■ Goal of the exercise ■
Below are some entries. Reproduce them word for word.

■ Record set ■
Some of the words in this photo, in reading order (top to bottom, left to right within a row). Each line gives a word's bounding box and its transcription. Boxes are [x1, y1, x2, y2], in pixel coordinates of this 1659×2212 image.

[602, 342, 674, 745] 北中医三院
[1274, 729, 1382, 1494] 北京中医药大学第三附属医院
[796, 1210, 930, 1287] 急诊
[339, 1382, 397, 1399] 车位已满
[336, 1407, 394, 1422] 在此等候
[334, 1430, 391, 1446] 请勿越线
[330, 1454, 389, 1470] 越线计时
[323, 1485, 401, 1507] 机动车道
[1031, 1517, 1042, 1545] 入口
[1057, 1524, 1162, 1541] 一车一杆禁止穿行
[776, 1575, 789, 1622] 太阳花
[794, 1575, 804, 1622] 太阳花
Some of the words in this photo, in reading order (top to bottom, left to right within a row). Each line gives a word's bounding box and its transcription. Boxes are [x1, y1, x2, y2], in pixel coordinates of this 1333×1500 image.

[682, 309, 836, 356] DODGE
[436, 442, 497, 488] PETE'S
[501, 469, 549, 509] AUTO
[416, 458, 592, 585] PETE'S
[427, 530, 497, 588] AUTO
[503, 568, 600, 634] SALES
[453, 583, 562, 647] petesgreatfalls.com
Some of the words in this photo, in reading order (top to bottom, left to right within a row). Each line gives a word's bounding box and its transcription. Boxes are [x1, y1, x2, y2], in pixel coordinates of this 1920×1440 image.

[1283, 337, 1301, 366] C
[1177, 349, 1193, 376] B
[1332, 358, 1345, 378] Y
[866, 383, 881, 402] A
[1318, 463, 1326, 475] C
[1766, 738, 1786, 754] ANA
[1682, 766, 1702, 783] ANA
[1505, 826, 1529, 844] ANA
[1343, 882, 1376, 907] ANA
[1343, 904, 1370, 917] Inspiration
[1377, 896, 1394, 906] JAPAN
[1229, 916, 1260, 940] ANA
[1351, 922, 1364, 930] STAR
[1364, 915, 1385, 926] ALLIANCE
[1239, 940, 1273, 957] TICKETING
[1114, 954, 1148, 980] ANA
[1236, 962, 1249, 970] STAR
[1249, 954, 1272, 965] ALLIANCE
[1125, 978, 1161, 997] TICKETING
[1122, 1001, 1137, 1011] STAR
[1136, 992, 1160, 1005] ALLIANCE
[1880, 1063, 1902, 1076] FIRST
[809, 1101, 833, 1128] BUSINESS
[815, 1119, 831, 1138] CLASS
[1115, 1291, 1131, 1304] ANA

■ Exercise answer ■
Some of the words in this photo, in reading order (top to bottom, left to right within a row). Each line gives a word's bounding box and its transcription. Boxes are [x1, y1, x2, y2], in pixel coordinates of this 1659×2212 image.

[602, 342, 674, 745] 北中医三院
[1274, 729, 1382, 1494] 北京中医药大学第三附属医院
[796, 1210, 930, 1287] 急诊
[339, 1382, 397, 1399] 车位已满
[336, 1407, 394, 1422] 在此等候
[334, 1430, 391, 1446] 请勿越线
[330, 1454, 389, 1470] 越线计时
[323, 1485, 401, 1507] 机动车道
[1031, 1517, 1042, 1545] 入口
[1057, 1524, 1162, 1541] 一车一杆禁止穿行
[776, 1575, 789, 1622] 太阳花
[794, 1575, 804, 1622] 太阳花
Some of the words in this photo, in reading order (top to bottom, left to right within a row). Each line gives a word's bounding box and its transcription. Boxes are [x1, y1, x2, y2], in pixel coordinates of this 1333×1500 image.

[682, 309, 836, 356] DODGE
[436, 442, 497, 488] PETE'S
[501, 469, 549, 509] AUTO
[416, 458, 592, 585] PETE'S
[427, 530, 497, 588] AUTO
[503, 568, 600, 634] SALES
[453, 583, 562, 647] petesgreatfalls.com
Some of the words in this photo, in reading order (top to bottom, left to right within a row). Each line gives a word's bounding box and its transcription. Boxes are [x1, y1, x2, y2], in pixel coordinates of this 1920×1440 image.

[1283, 337, 1301, 366] C
[1177, 349, 1193, 376] B
[1332, 358, 1345, 378] Y
[866, 383, 881, 402] A
[1318, 463, 1326, 475] C
[1766, 738, 1786, 754] ANA
[1682, 766, 1702, 783] ANA
[1505, 826, 1529, 844] ANA
[1343, 882, 1376, 907] ANA
[1343, 904, 1370, 917] Inspiration
[1377, 896, 1394, 906] JAPAN
[1229, 916, 1260, 940] ANA
[1351, 922, 1364, 930] STAR
[1364, 915, 1385, 926] ALLIANCE
[1239, 940, 1273, 957] TICKETING
[1114, 954, 1148, 980] ANA
[1236, 962, 1249, 970] STAR
[1249, 954, 1272, 965] ALLIANCE
[1125, 978, 1161, 997] TICKETING
[1122, 1001, 1137, 1011] STAR
[1136, 992, 1160, 1005] ALLIANCE
[1880, 1063, 1902, 1076] FIRST
[809, 1101, 833, 1128] BUSINESS
[815, 1119, 831, 1138] CLASS
[1115, 1291, 1131, 1304] ANA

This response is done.